O novo filme dedicado ao povo indígena Yanomami, A Queda do Céu (2024), dos realizadores brasileiros Gabriela Carneiro da Cunha e Eryk Rocha, começa com um extraordinário plano-sequência que transcende a sua função de prólogo de abertura, afirmando-se como um plano merecedor de um lugar de destaque na história do cinema que aborda a Amazónia.

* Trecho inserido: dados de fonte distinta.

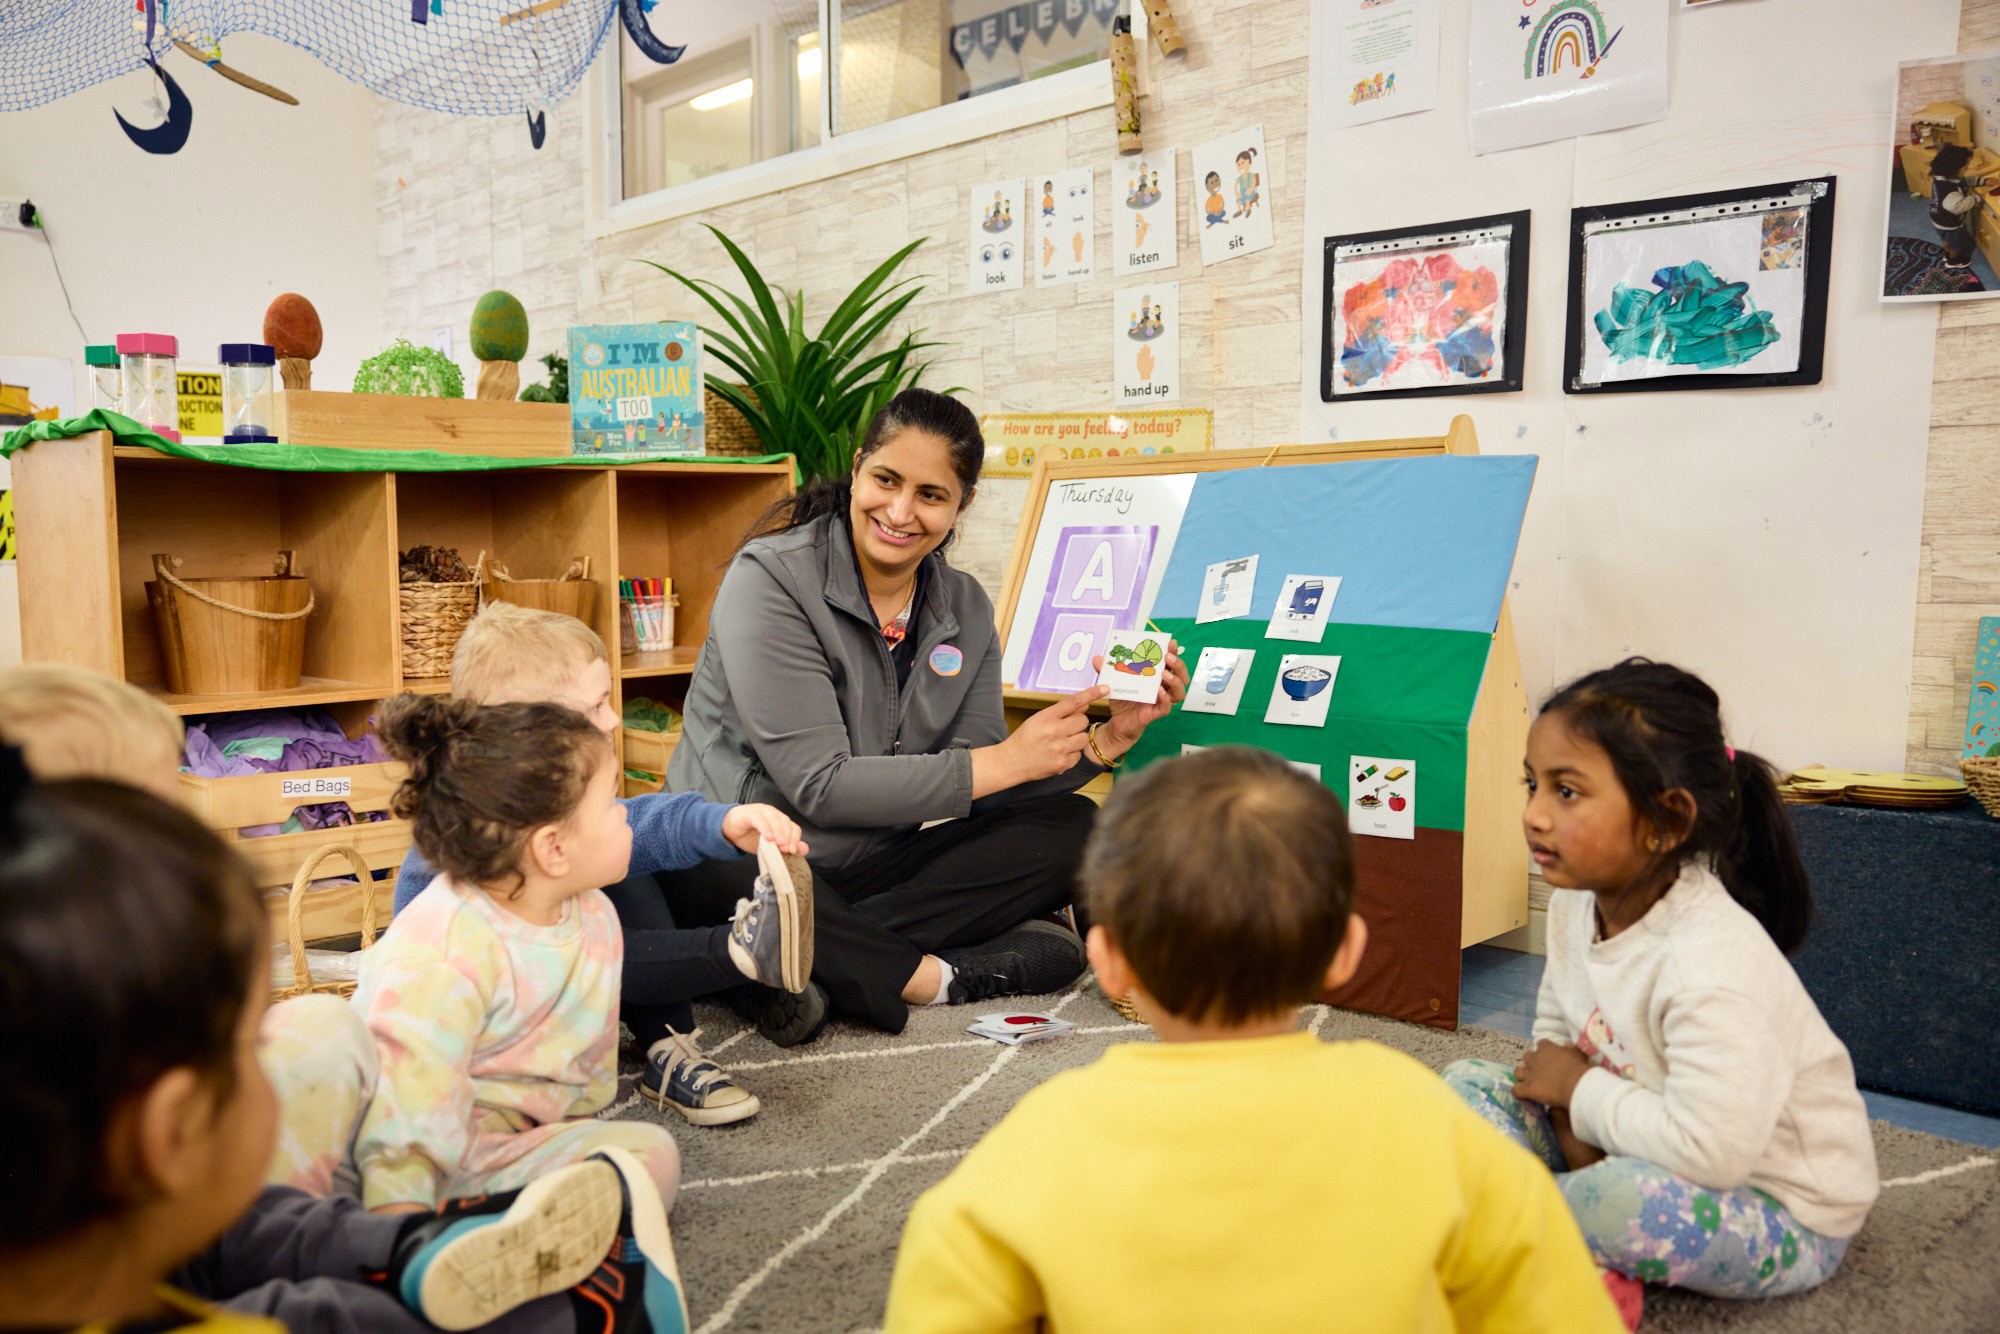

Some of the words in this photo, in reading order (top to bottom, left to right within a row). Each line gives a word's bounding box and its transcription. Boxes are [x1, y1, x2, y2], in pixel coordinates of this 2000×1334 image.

[1228, 235, 1245, 250] sit
[1129, 251, 1160, 266] listen
[986, 271, 1006, 284] look
[608, 342, 660, 365] I'M
[177, 376, 221, 395] TION
[581, 366, 691, 400] AUSTRALIAN
[1124, 382, 1151, 397] hand
[1154, 384, 1169, 397] up
[177, 400, 223, 413] UCTION
[620, 399, 649, 418] TOO
[1003, 421, 1030, 435] How
[1033, 423, 1054, 435] are
[1058, 422, 1080, 439] you
[1083, 419, 1129, 439] feelg
[1132, 418, 1182, 438] today?
[1059, 482, 1134, 515] Thursday
[1071, 539, 1114, 602] A
[1057, 630, 1095, 673] a
[283, 780, 311, 794] Bed
[315, 779, 350, 795] Bags

Trata-se de uma poderosa representação cinematográfica dos povos indígenas amazónicos, guardiões culturais e espirituais da terra-floresta. Com este primeiro plano estabelece-se uma dialética, mediada pela cosmologia Yanomami, entre o visível e o invisível, entre o céu e a terra, oferecendo-se ao espetador um atalho para um melhor entendimento da luta indígena contra a emergência climática que enfrentamos.

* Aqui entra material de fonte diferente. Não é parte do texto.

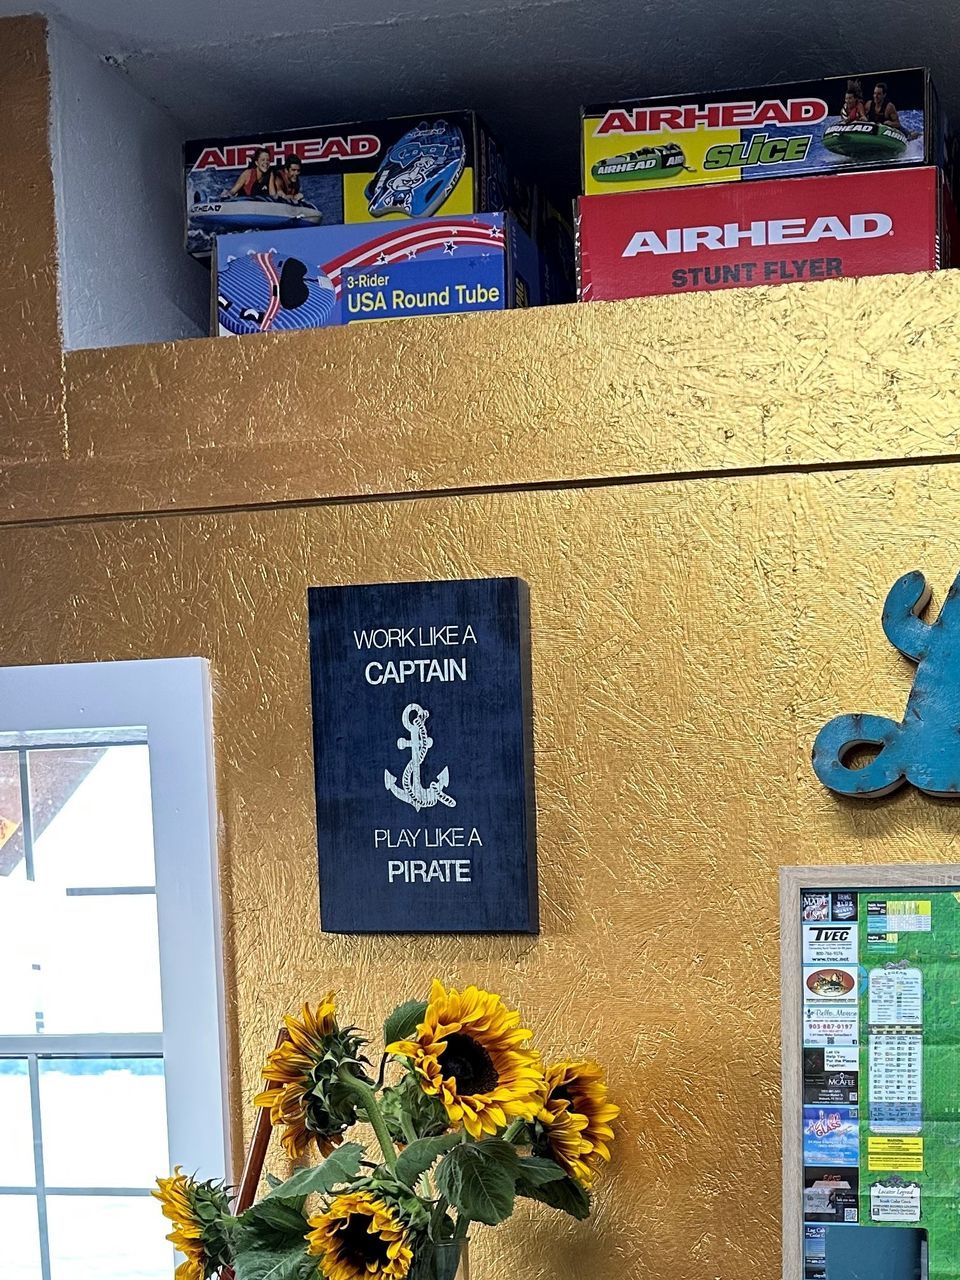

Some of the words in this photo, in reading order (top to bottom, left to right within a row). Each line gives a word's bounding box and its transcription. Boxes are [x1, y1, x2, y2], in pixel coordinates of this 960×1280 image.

[593, 98, 828, 137] AIRHEAD
[191, 135, 381, 172] AIRHEAD
[598, 159, 656, 174] AIRHEAD
[621, 213, 893, 257] AIRHEAD
[347, 274, 389, 288] 3-Rider
[672, 261, 757, 288] STUNT
[764, 257, 843, 281] FLYER
[347, 292, 387, 313] USA
[392, 287, 450, 309] Round
[454, 283, 500, 303] Tube
[354, 627, 415, 649] WORK
[419, 625, 459, 646] LIKE
[462, 625, 477, 644] A
[365, 658, 467, 685] CAPTAIN
[375, 829, 420, 848] PLAY
[424, 828, 465, 847] LIKE
[467, 828, 482, 846] A
[388, 860, 472, 883] PIRATE
[809, 927, 852, 941] TVEC

Fotograma do plano inicial do filme A Queda do Céu.Fotograma do plano inicial do filme A Queda do Céu. 

O plano-sequência inicial é longo, pois enquadra, sem pressa, a caminhada em passo lento e constante de um grupo de indígenas Yanomami, composto por homens, mulheres e crianças, em direção à câmara. A duração do plano exige a perseverança do espetador, que é convidado a entrar no filme com uma expectativa pautada pela cadência da marcha indígena. A proposta feita ao público com este início estende-se a toda a obra, na qual está implícita a sugestão de um reposicionamento em relação ao ritmo convencional na linguagem tradicional do filme documental. A obra propõe a conexão com a cosmologia e com o ritmo Yanomami, que é outro, distinto dos que caracterizam a sociedade não-indígena e a cinematografia em geral. 

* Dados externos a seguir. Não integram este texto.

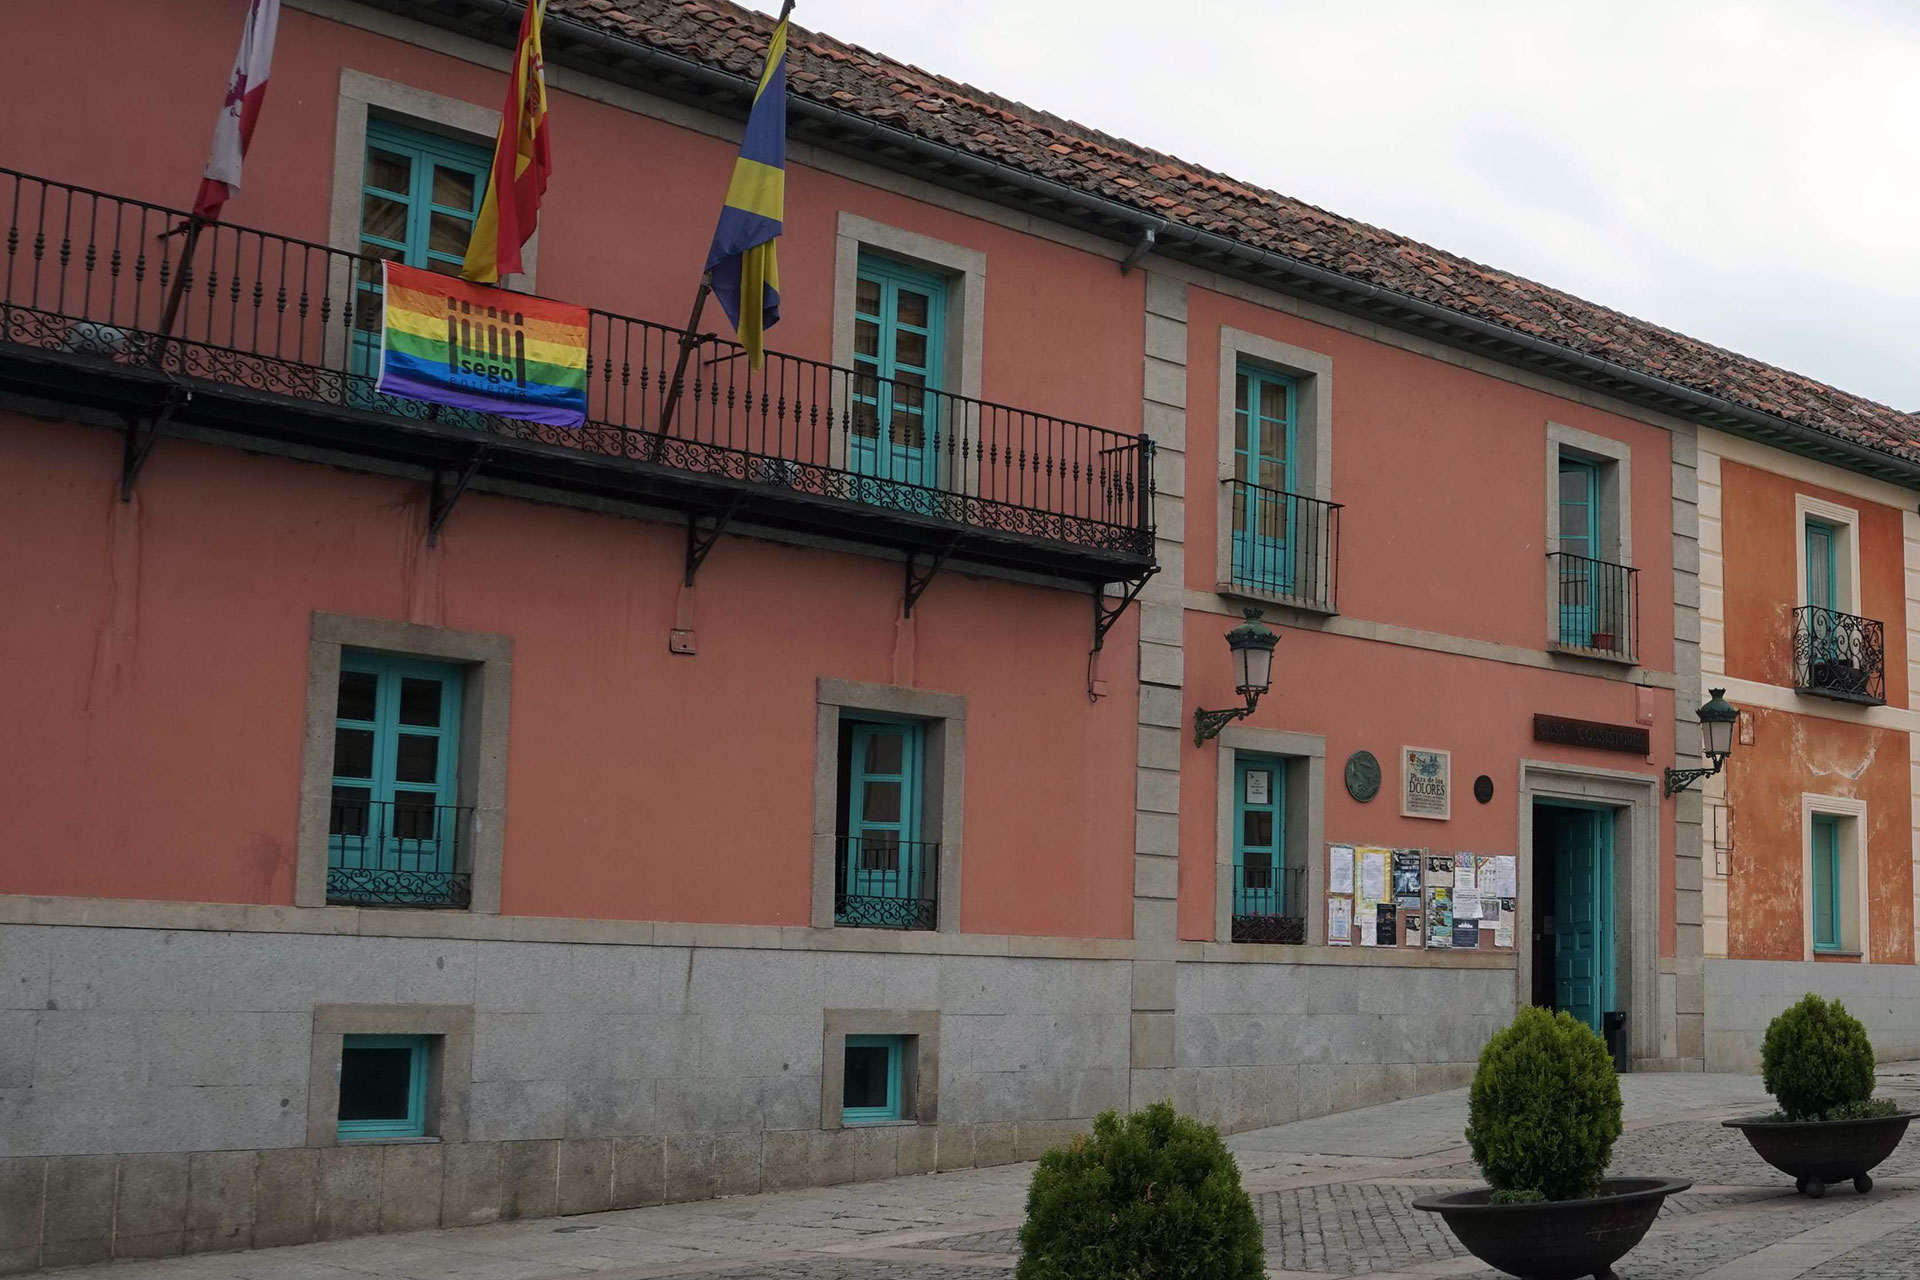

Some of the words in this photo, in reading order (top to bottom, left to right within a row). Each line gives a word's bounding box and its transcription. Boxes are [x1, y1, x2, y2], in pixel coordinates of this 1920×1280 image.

[461, 359, 514, 384] sego
[1537, 718, 1567, 737] CASA
[1410, 772, 1426, 782] Plaza
[1409, 780, 1445, 796] DOLORES

Enquanto nos conectamos ao ritmo dos passos sincronizados, vistos de longe, os indígenas aparecem como indivíduos abstratos, deslocando-se juntos com um propósito comum. Esse movimento evoca o ser não personalizado como parte essencial de uma entidade maior: a do seu povo. Assim, à medida que avança, o corpo coletivo configura-se como uma potência primordial, desenvolvida ao longo do documentário, como a força vital e emancipatória dos Yanomami. 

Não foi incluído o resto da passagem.